My breath caught. I opened it.

The screen turned black. Then slowly, pixels began to form her outline, blurry and incomplete, like she was dissolving into static. Her eyes were there but unfocused. Her lips half-shaped my name before the image glitched again.

Then, across the top of the photo, white text appeared, not part of any app:

"She was never written in My book."

I dropped the phone.

It hit the floor with a dull crack, the sound echoing too loudly in the quiet room. I stared at it, waiting for the screen to go black again, but it didn't. The message stayed frozen there, like something sacred and cruel etched into light.

I picked it up with shaking hands.

Battery: 100%.

Signal: No service.

A cold realization slid through me.

My phone wasn't malfunctioning. It was being rewritten.

I ran downstairs, nearly tripping on the last step. My mom glanced up from the kitchen table.

"Jess? You okay?"

"Mom," I said, breathless. "Do you remember Sam?"

She blinked. "Who?"

"Samantha Faith Flores," I said quickly. "She came over for dinner once, remember? The one with the laugh that filled the whole house, she brought mango shake for everyone..... and the one who worked with Auntie Janet once..."

Her face softened with concern. "Honey, are you sure you're not confusing her with someone else?"

The air left my lungs.

I didn't answer. I just backed away slowly.

Upstairs, my room felt smaller now, like the walls had moved closer. I sat on my bed, holding the phone as if it might burn me. I tried calling her number again, though I already knew what would happen.

The number you have dialed is not in service.

I tried again.

Same result.

By the third time, I was crying.

It wasn't just grief anymore; it was erasure.

A quiet, methodical unmaking.

I wiped my eyes and opened social media. Every tag, every post, every shared photo where she used to exist is gone. Even comments she'd left on other people's posts vanished mid-scroll. I searched her name.

No results.

It wasn't just like she died, it was like she had never been born.

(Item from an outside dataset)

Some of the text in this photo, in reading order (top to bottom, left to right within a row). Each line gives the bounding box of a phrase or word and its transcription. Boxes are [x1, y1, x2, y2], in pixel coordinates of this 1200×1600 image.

My hand trembled as I opened my notes app. Maybe I'd written something, anything to remind myself of her. Scrolling down, I found one note dated from last month, titled "Her."

When I opened it, it was blank.

No words. No metadata. Just one faint smudge near the bottom, like a tear had fallen there.

------------

By afternoon, I couldn't stay still anymore.

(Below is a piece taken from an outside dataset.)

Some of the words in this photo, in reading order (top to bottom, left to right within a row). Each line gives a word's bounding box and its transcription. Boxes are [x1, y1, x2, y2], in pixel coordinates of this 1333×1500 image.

I grabbed my jacket and left the house, the rain soft but endless. My footsteps echoed down the quiet streets, every sound dampened by drizzle and fog. My destination wasn't clear. I just walked, like my body remembered where to go when my mind didn't.

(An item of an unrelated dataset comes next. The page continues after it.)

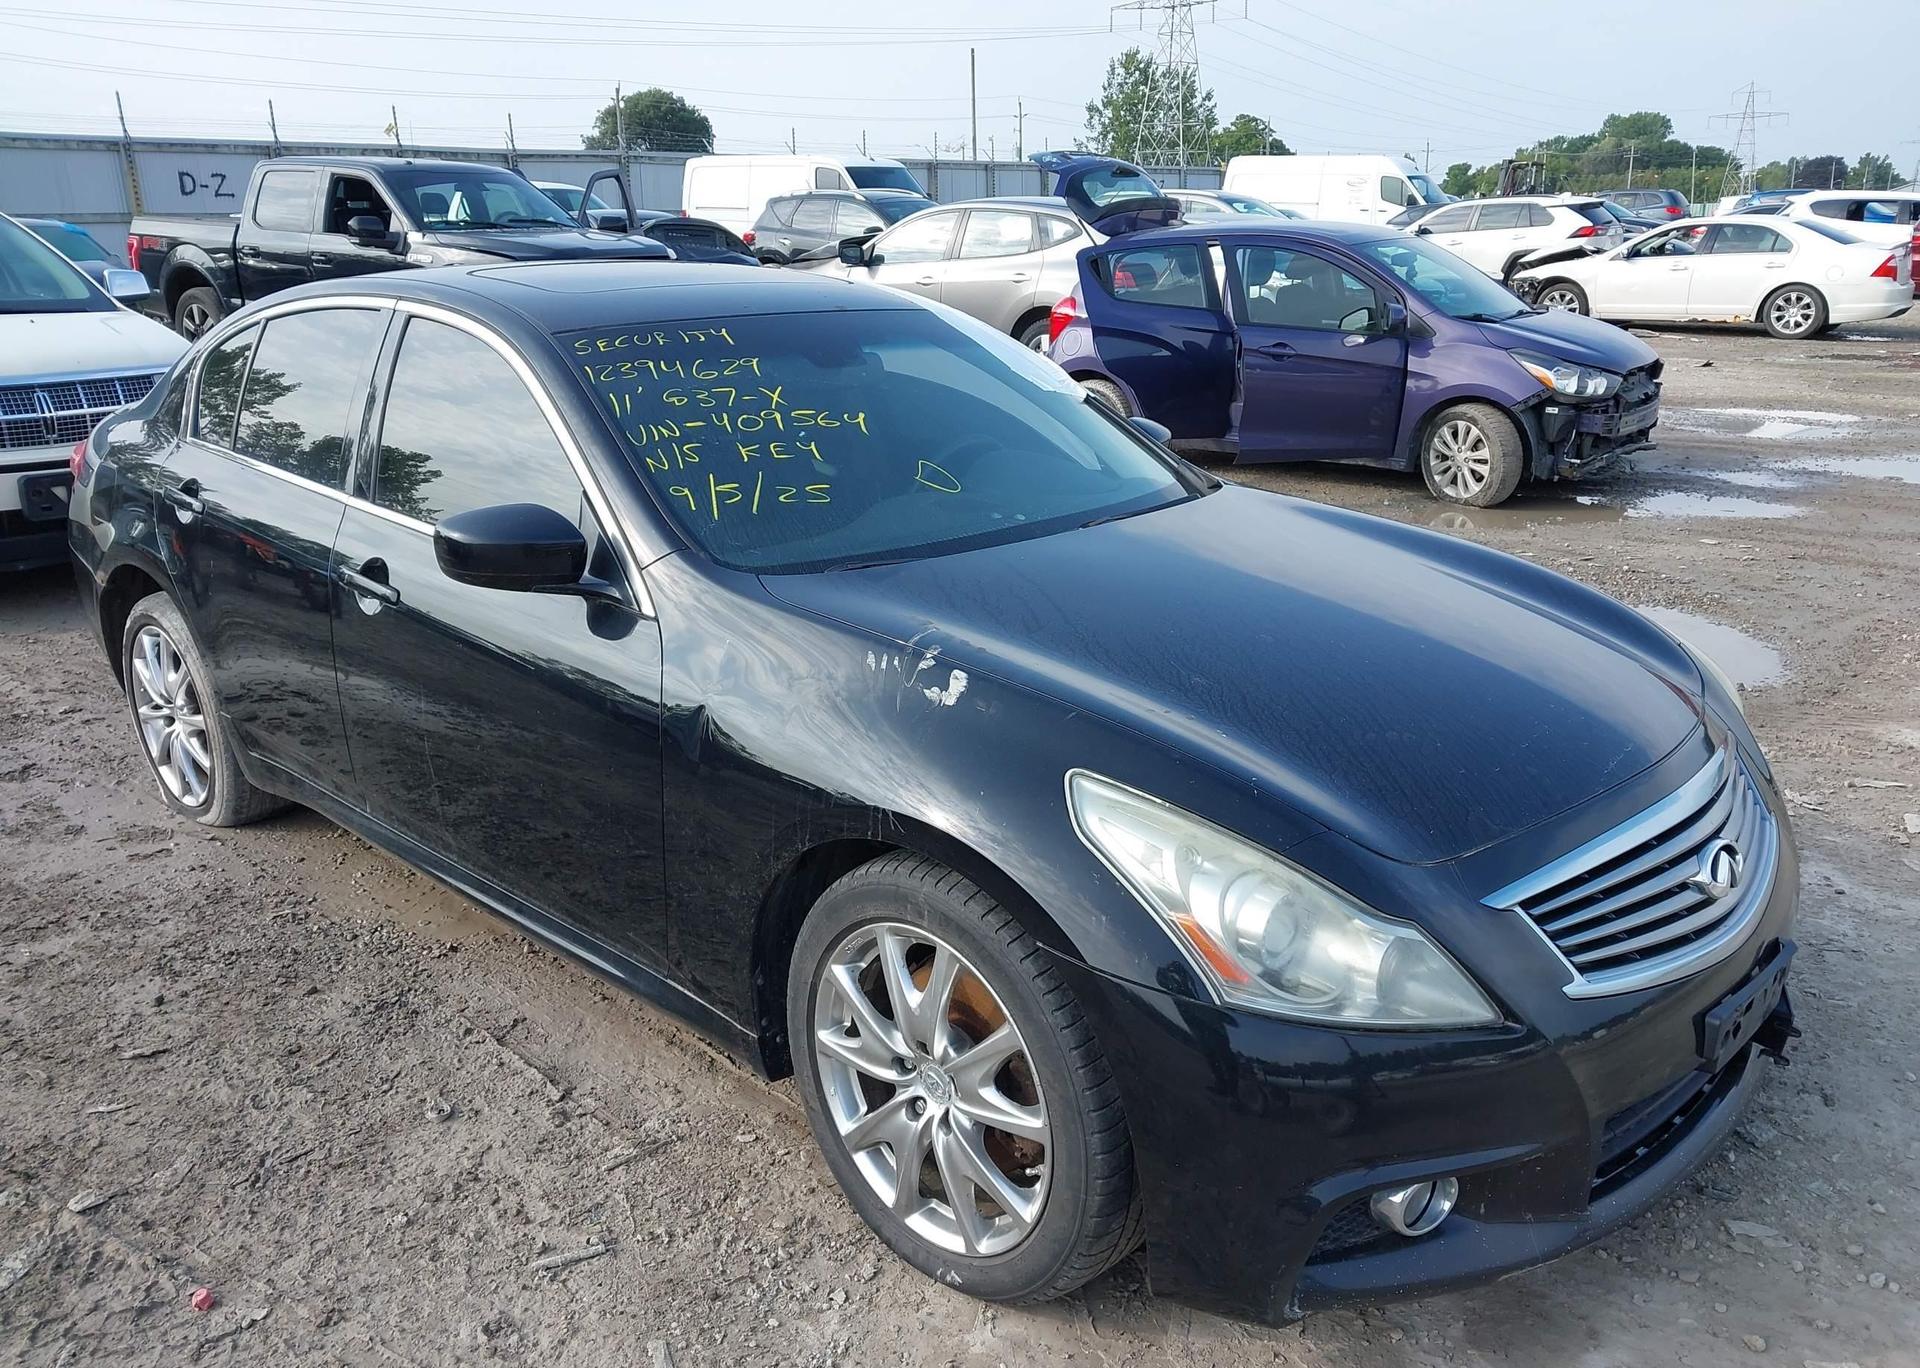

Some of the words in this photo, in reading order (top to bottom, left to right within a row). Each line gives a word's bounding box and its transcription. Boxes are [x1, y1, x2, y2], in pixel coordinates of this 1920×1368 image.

When I looked up, I realized where I was.

Yummy Mango Brew Café.

The same place from yesterday.

The same smell of roasted beans and faint sweetness.

But this time, when I walked in, the lights flickered.

Only two customers sat inside, their faces vague, unimportant. The barista from before gave me a nod, but there was no warmth in it now. The shop felt hollow like a memory left too long in the sun.

I sat in our old spot again. Same table. Same view of the window.

And without thinking, I whispered, "Mango shake, please."

The barista paused mid-step, frowning. "Sorry, sir. We don't serve that."

I smiled weakly. "Yeah. I know."

The rain outside grew heavier, tracing silver lines down the glass. I opened my phone again. The wallpaper, a photo of Sam smiling, holding her mango shakewas gone. Replaced by something black and blank.

No lock screen photo. No history. No trace.

Just my reflection staring back at me.

But behind my reflection… There was movement.

For a heartbeat, I saw her sitting across from me, exactly as she had that day. Her hair tied loose, her hands wrapped around a cold glass, her eyes full of sunlight and laughter. She looked alive.

Then she smiled, faint, almost apologetic.

And whispered through the glass:

"You promised Me this would happen."

The lights flickered.

The café's music cut out. For one terrifying second, every screen in the room, phones, cash register, and wall TV went black.

Then my phone vibrated.

One new message.

No sender name. Just a timestamp: 12:00 a.m.

The message read:

"Do you still remember the taste of mango?"

I stared at it until my vision blurred.

The barista's voice broke the silence. "Sir, are you okay?"

But I couldn't answer.

Because as I looked down, the message began to fade letter by letter until all that was left was a blank bubble. Then the typing dots appeared again, slow and deliberate.

And one last line appeared:

"If you keep remembering her, I'll have to take more than your memories."

My hands went numb.

The phone screen glitched once, twice and then died completely. When it went dark, the reflection staring back at me wasn't mine anymore.

It was hers.

Smiling.

Tears streaming down.

End of Chapter 3.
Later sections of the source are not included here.